*YOUR GOAL*
Copy the data below exactly, omitting any picture it contains.

....

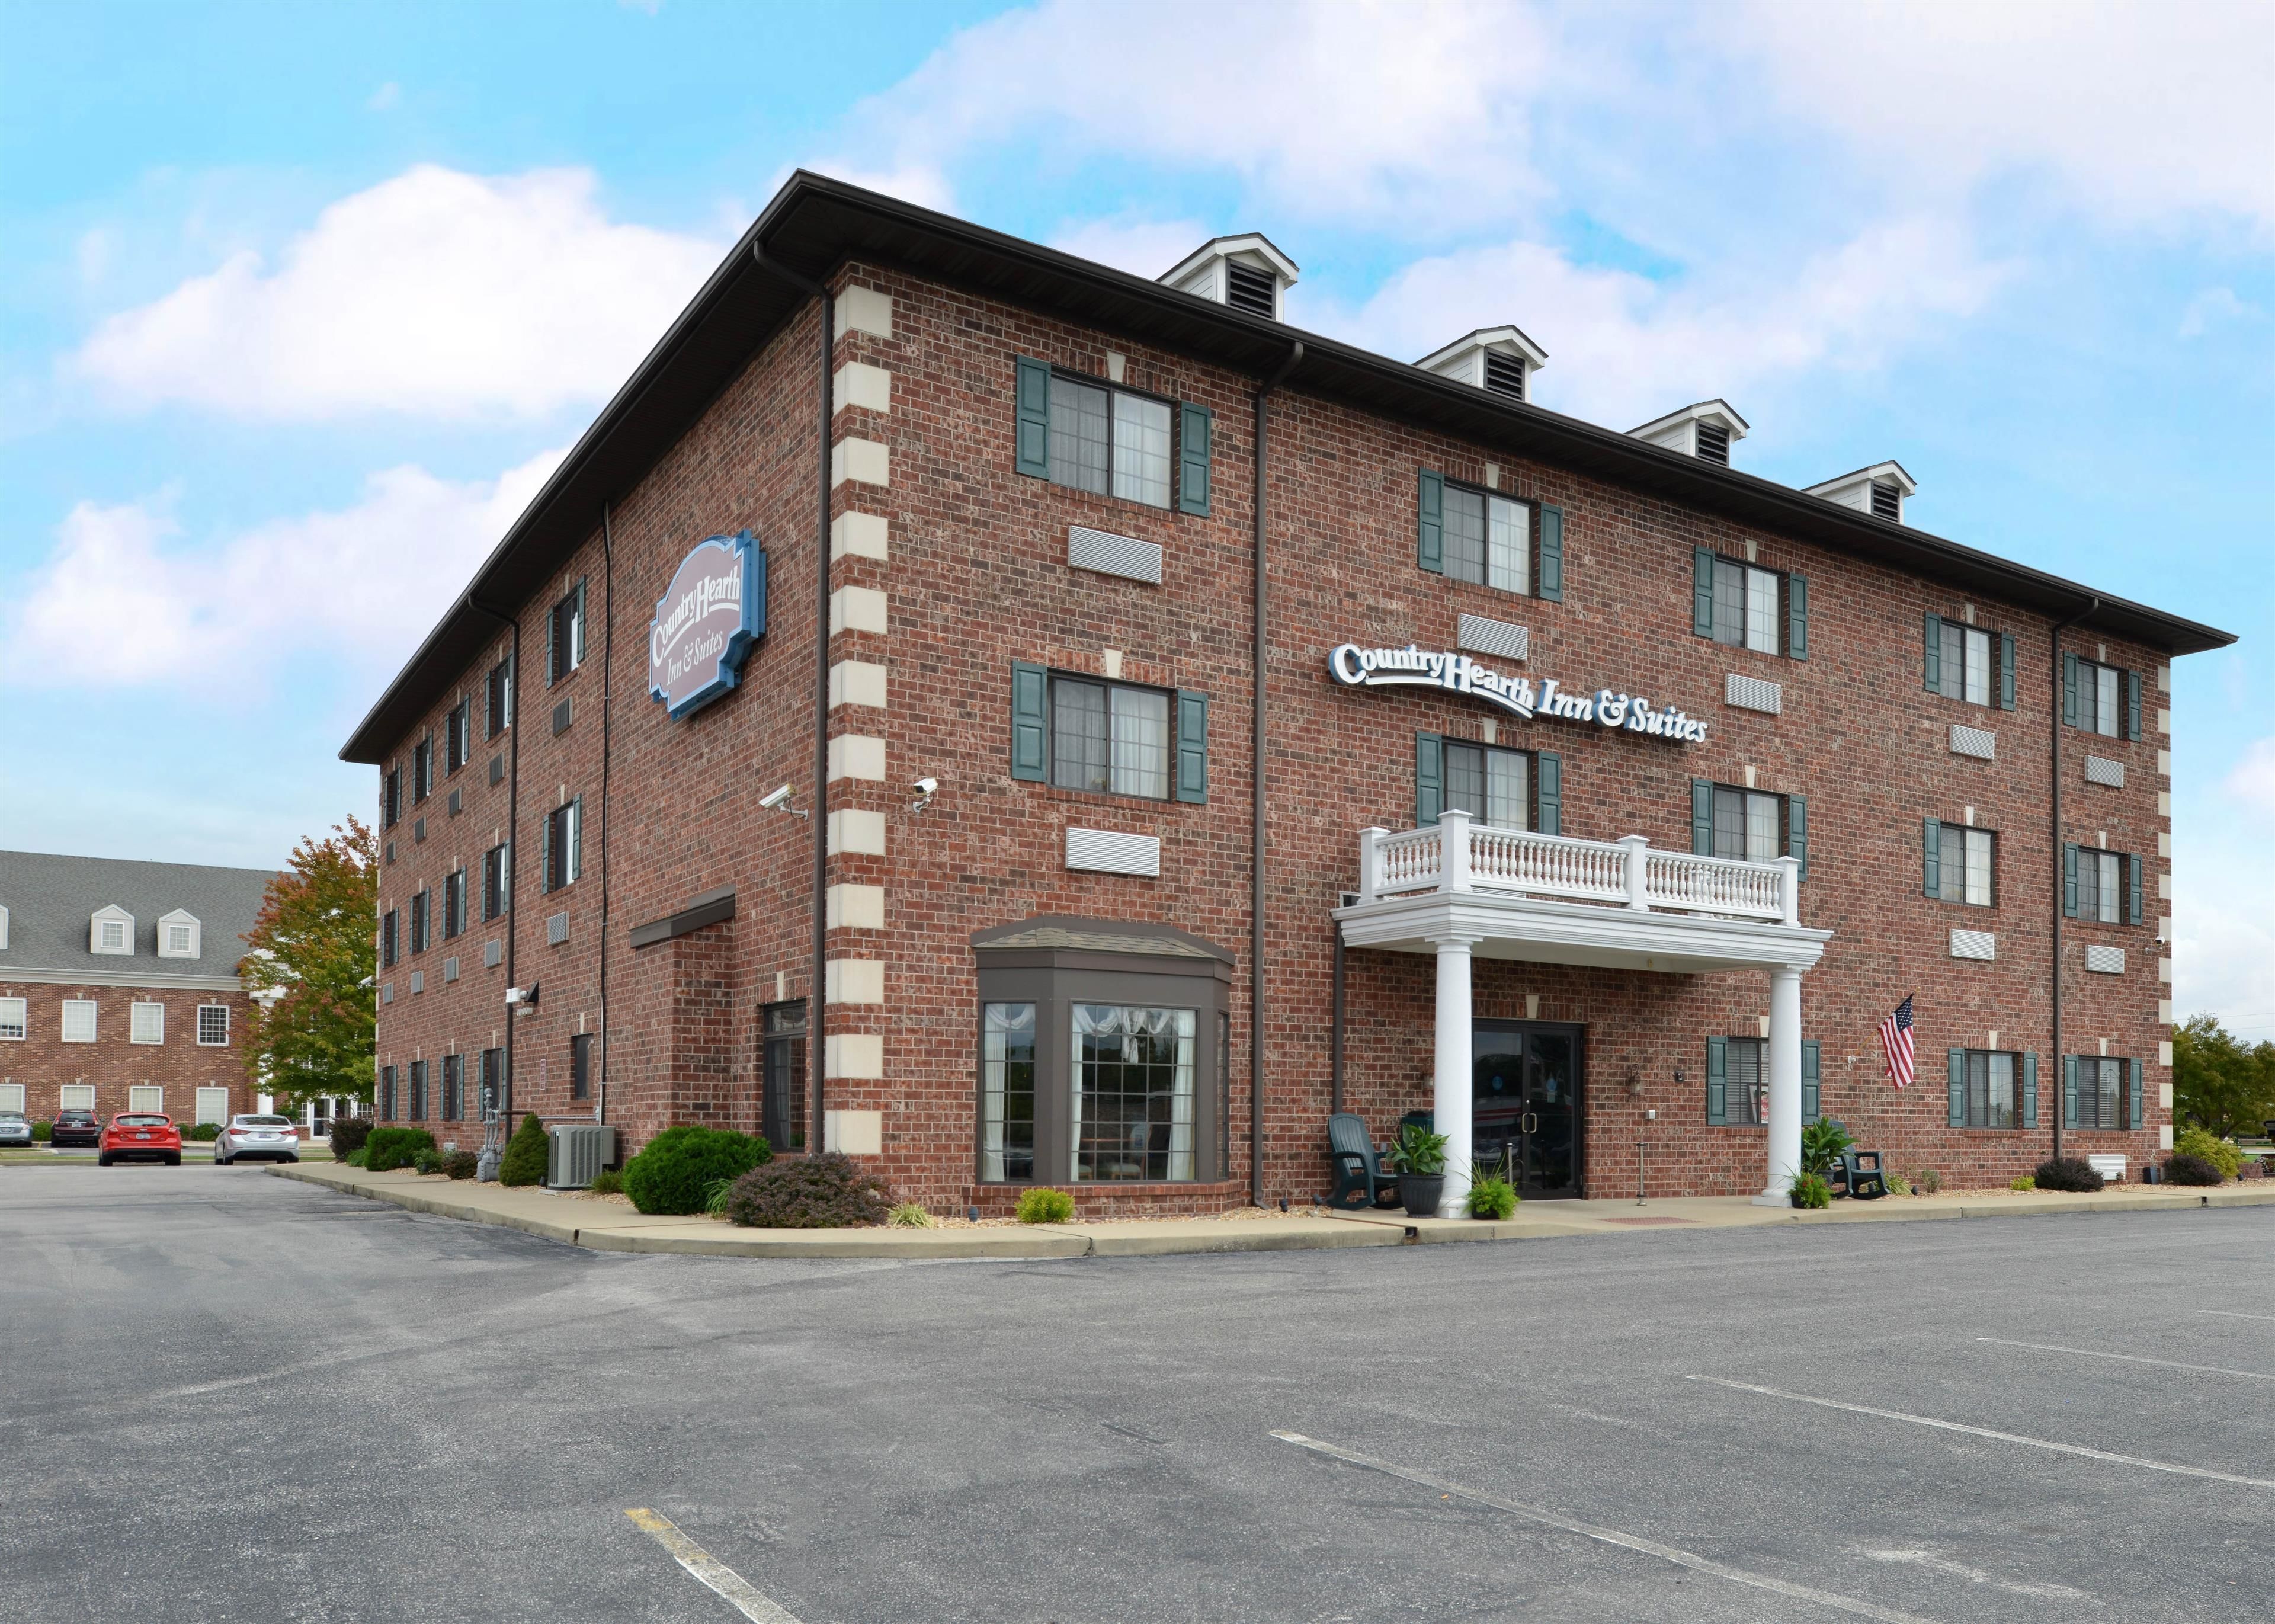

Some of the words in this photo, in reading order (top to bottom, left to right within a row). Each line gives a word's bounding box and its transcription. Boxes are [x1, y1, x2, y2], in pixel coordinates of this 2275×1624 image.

[667, 658, 682, 686] Inn
[684, 642, 694, 672] &
[694, 629, 723, 665] Suites
[1536, 678, 1593, 721] Inn
[1597, 689, 1629, 727] &
[1627, 697, 1708, 743] Suites
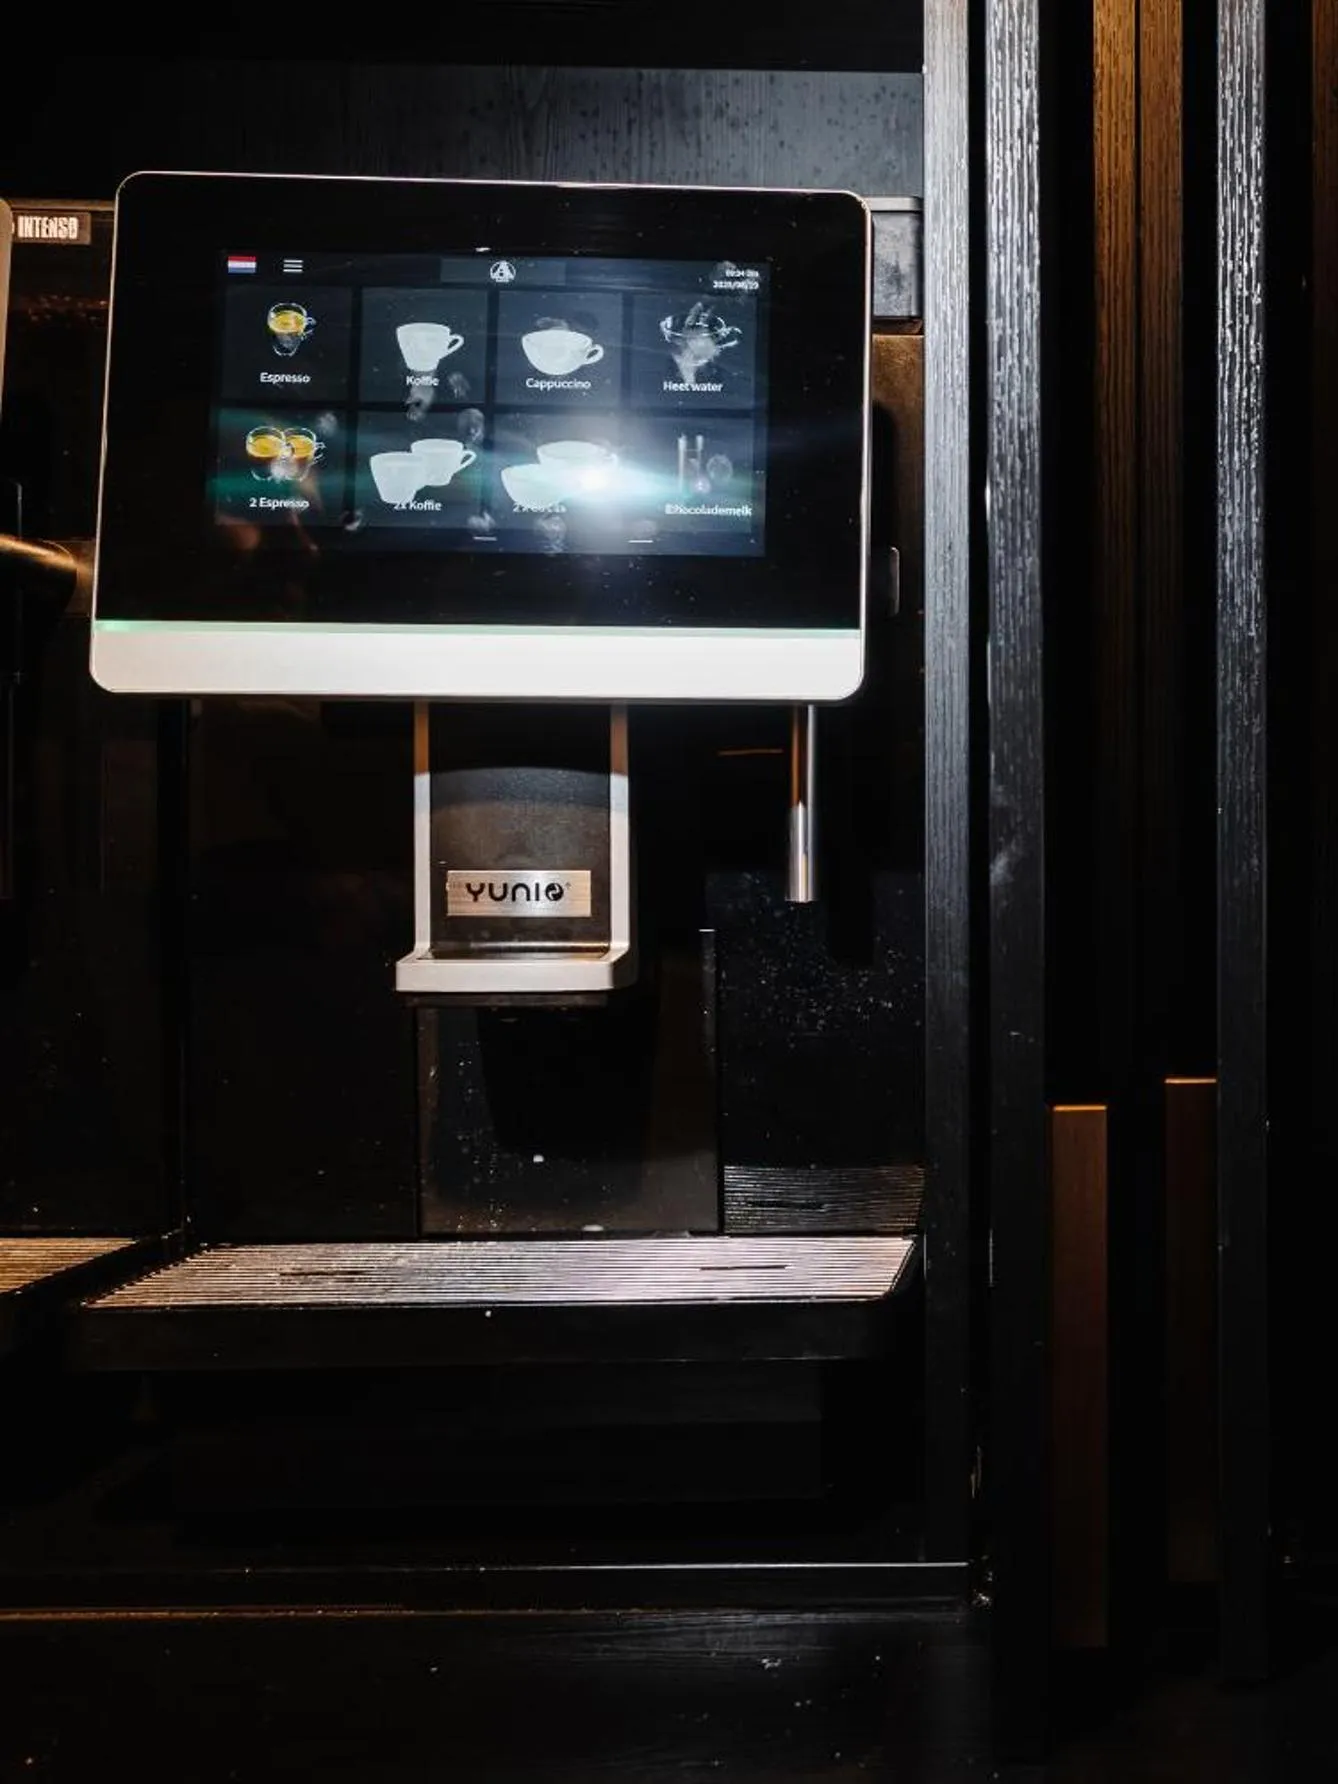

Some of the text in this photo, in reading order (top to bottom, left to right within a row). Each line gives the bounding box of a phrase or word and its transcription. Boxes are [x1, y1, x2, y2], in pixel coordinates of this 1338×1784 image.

[17, 216, 79, 239] INTENSO
[260, 372, 310, 385] Espresso
[525, 377, 591, 390] Cappuccino
[691, 383, 723, 392] water
[250, 497, 310, 510] 2 Espresso
[409, 500, 442, 510] Koffie
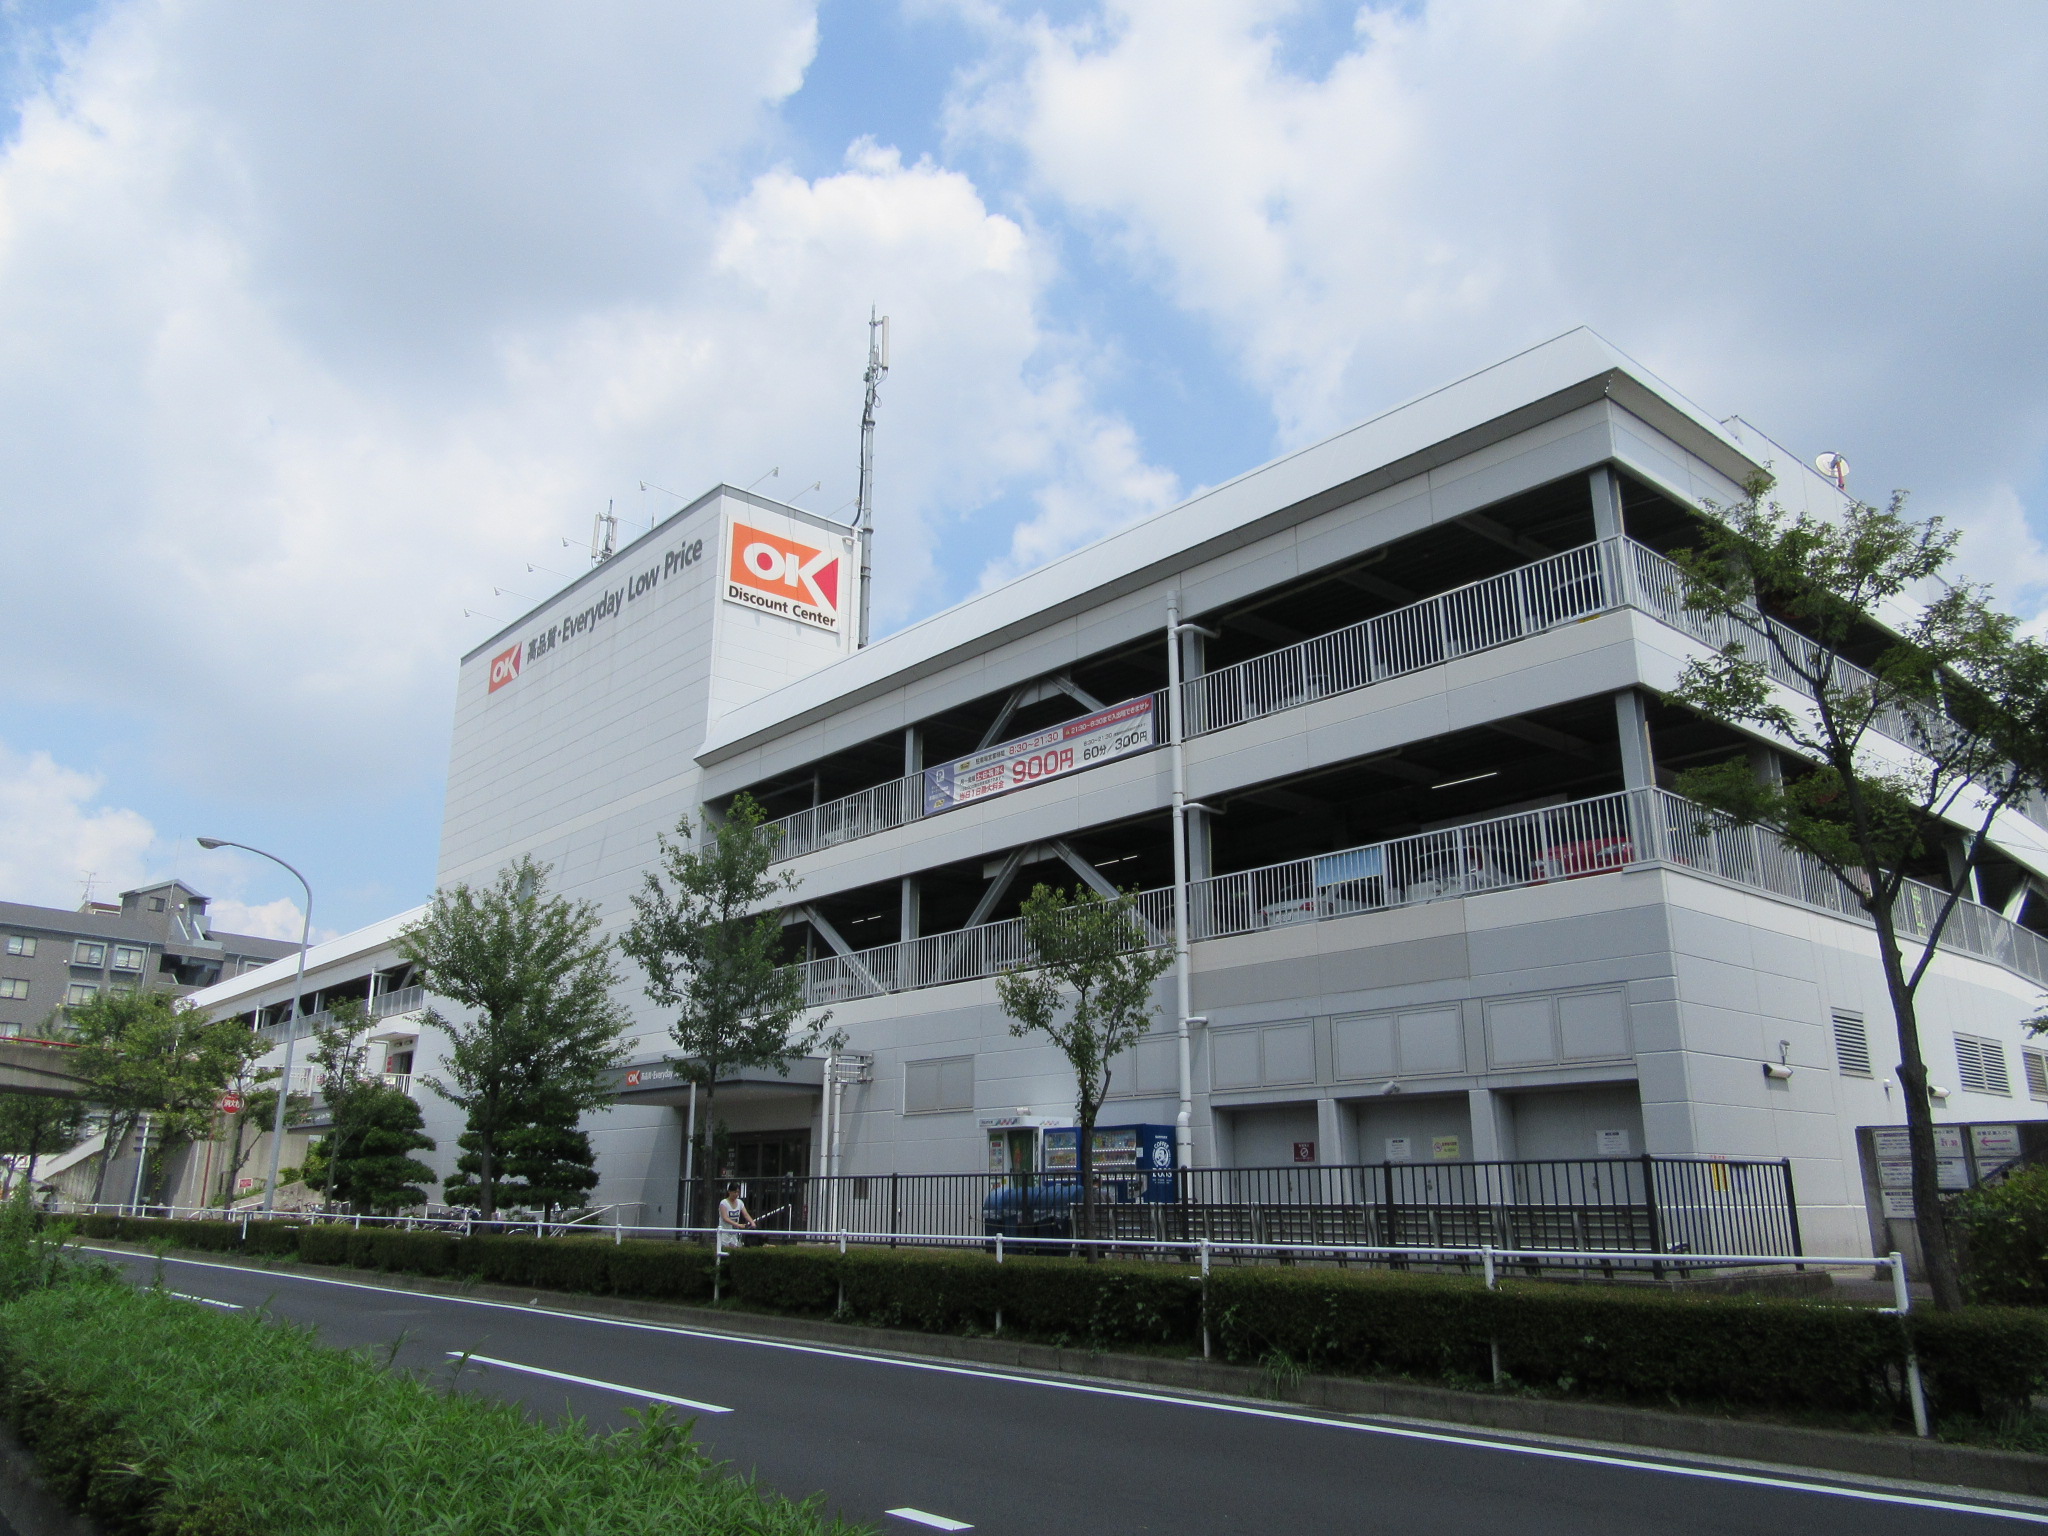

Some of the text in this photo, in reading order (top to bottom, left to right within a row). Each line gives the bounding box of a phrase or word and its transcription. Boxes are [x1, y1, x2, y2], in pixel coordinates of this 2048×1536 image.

....

*EXERCISE SOLUTION*
Some of the words in this photo, in reading order (top to bottom, left to right within a row). Each line gives a word's bounding box and its transcription. Boxes are [x1, y1, x2, y2], in pixel coordinates of this 2275×1624 image.

[667, 658, 682, 686] Inn
[684, 642, 694, 672] &
[694, 629, 723, 665] Suites
[1536, 678, 1593, 721] Inn
[1597, 689, 1629, 727] &
[1627, 697, 1708, 743] Suites

Some of the text in this photo, in reading order (top to bottom, left to right within a row). Each line gives the bounding box of a phrase or word and its transcription. Boxes are [x1, y1, x2, y2], in pixel coordinates of this 1338×1784 image.

[17, 216, 79, 239] INTENSO
[260, 372, 310, 385] Espresso
[525, 377, 591, 390] Cappuccino
[691, 383, 723, 392] water
[250, 497, 310, 510] 2 Espresso
[409, 500, 442, 510] Koffie

Some of the text in this photo, in reading order (top to bottom, left to right within a row). Each line gives the bounding box of a phrase or word and its transcription. Boxes are [x1, y1, x2, y2], in pixel coordinates of this 2048×1536 image.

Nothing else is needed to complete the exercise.